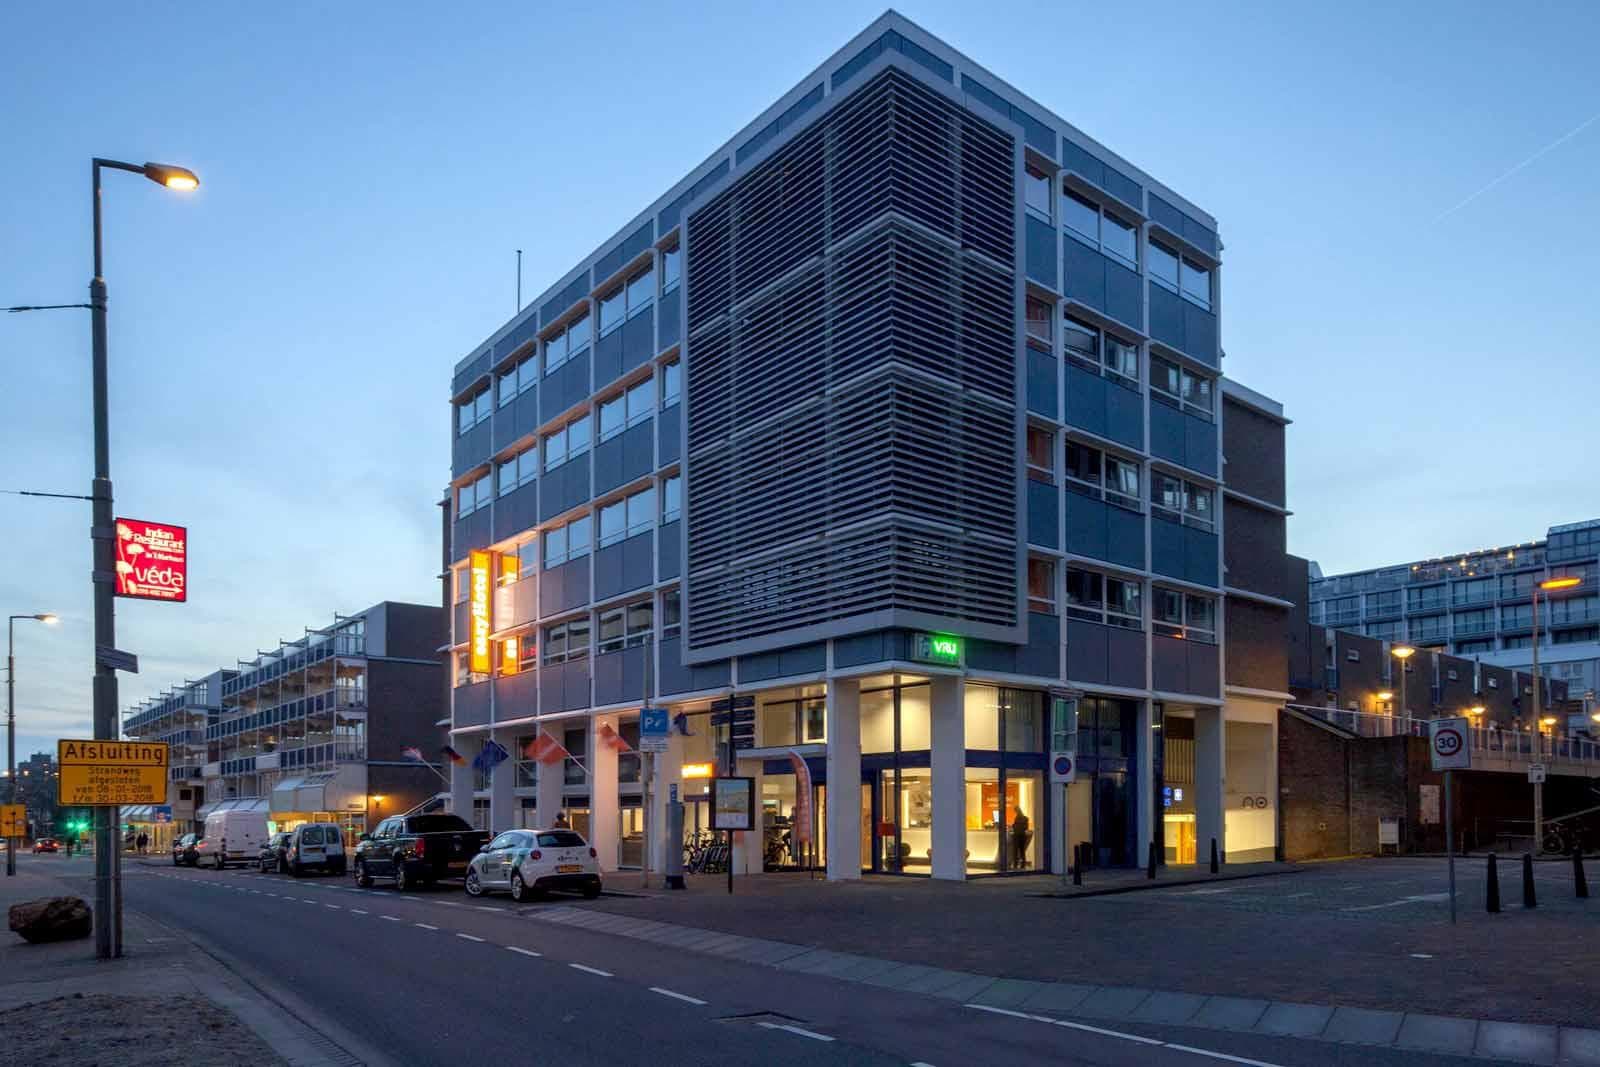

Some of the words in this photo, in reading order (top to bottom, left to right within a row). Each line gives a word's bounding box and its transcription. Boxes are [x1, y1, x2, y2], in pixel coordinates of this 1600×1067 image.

[134, 533, 184, 550] Restaurant
[145, 527, 174, 540] Indian
[135, 565, 184, 587] véda
[1439, 737, 1456, 748] 30
[64, 743, 163, 764] Afsluiting

Task requirements
Repeat the records word for word. Leave out whatever pictures they hold.

Task response
Some of the words in this photo, in reading order (top to bottom, left to right within a row). Each line gives a word's bounding box and its transcription. Boxes are [x1, y1, x2, y2], in pixel coordinates of this 1600×1067 image.

[134, 533, 184, 550] Restaurant
[145, 527, 174, 540] Indian
[135, 565, 184, 587] véda
[1439, 737, 1456, 748] 30
[64, 743, 163, 764] Afsluiting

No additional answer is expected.